Another common belief about sleeping patterns is that you shouldn’t sleep in at the weekend. But according to some research, sleeping in at the weekend could counteract the harm caused by lack of sleep during the week.
Sleep researchers from the Stress Research Institute at Stockholm University looked at data from more than 43,000 adults collected in Sweden in 1997. They then checked the national death register to see what happened to participants over 13 years.
They found that adults under age 65 who got only five hours of sleep or less a night, for seven days a week, had a higher risk of early death than those who consistently got six or seven hours. But those who made up for it at the weekend by sleeping in had no raised mortality risk compared to the steady sleepers.
“The results imply that short (weekday) sleep is not a risk factor for mortality if it is combined with a medium or long weekend sleep,” said the researchers, led by Torbjorn Akerstedt. “This suggests that short weekday sleep may be compensated for during the weekend, and that this has implications for mortality.”

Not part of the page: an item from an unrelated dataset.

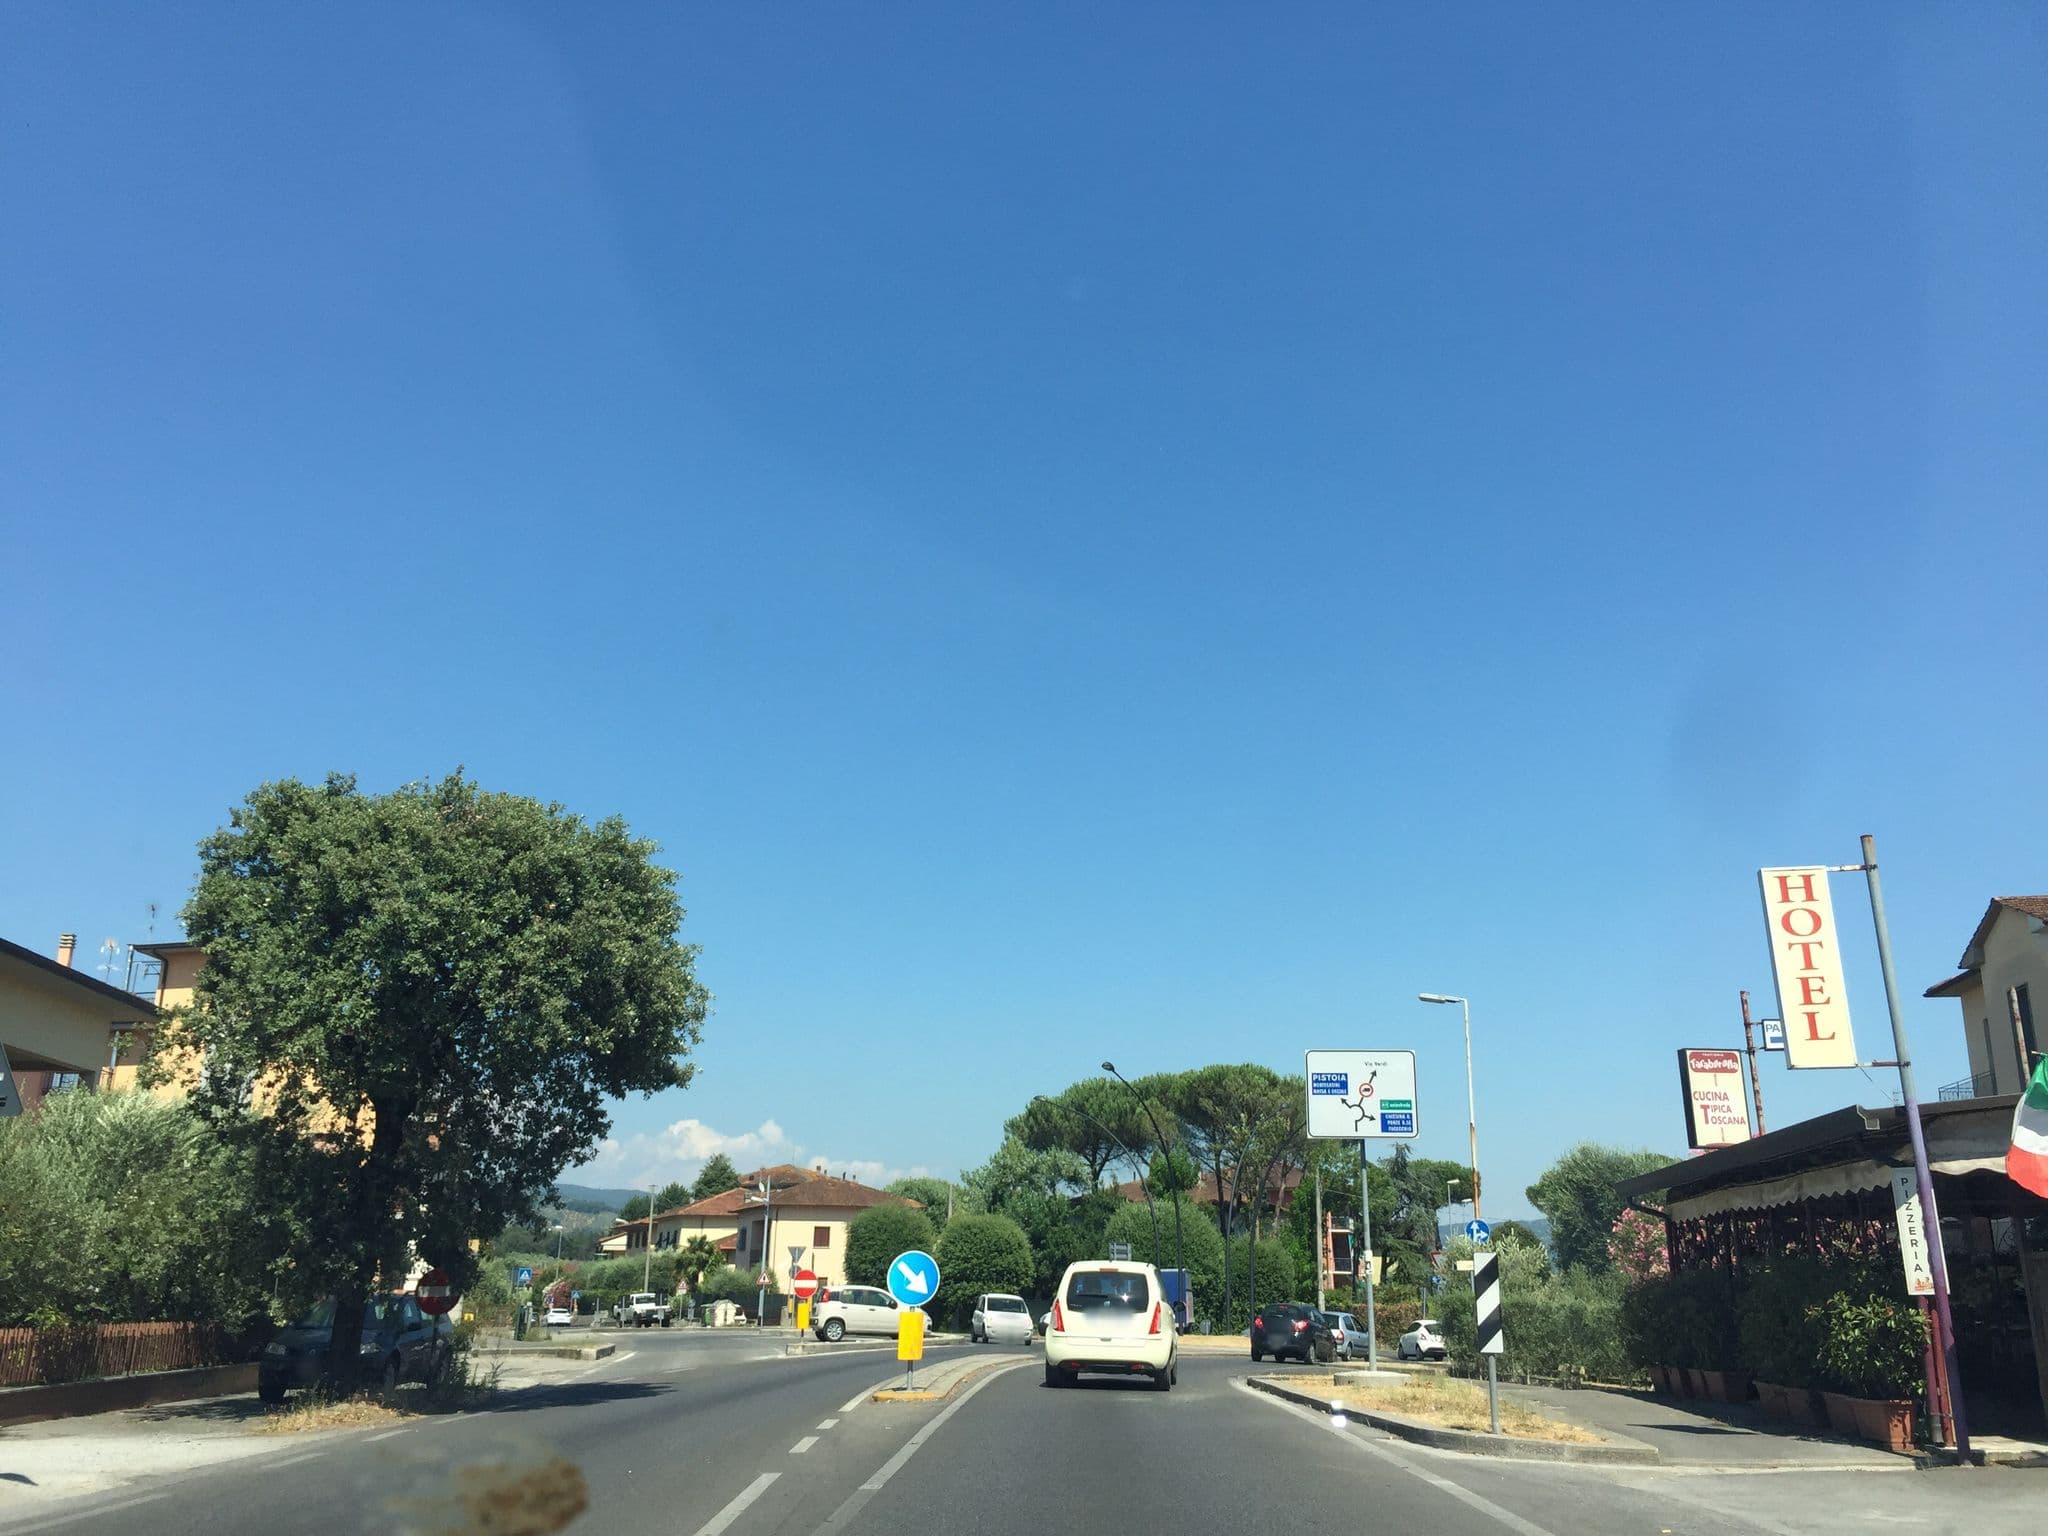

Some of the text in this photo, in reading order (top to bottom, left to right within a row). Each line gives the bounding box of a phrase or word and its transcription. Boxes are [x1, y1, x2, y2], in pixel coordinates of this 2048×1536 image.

[1774, 874, 1835, 1041] HOTEL
[1692, 1090, 1730, 1102] CUCINA
[1901, 1177, 1923, 1273] PIZZERIA

In the sleep-science community, the overarching advice is that consistency is key and that there is no substitute for having a regular sleep pattern. Studies have shown the negative impacts a disrupted sleep cycle can have on our mental and physical health.
That’s why nighttime rituals, like putting your phone away about an hour before you drift off and taking a hot shower to lower your cortisol levels, are important to stick to.
“Night owls, if we don’t see change within the first two days we slip,” Neo said. “But over time, your brain will learn when the time is to sleep and rest. So give yourself a break.”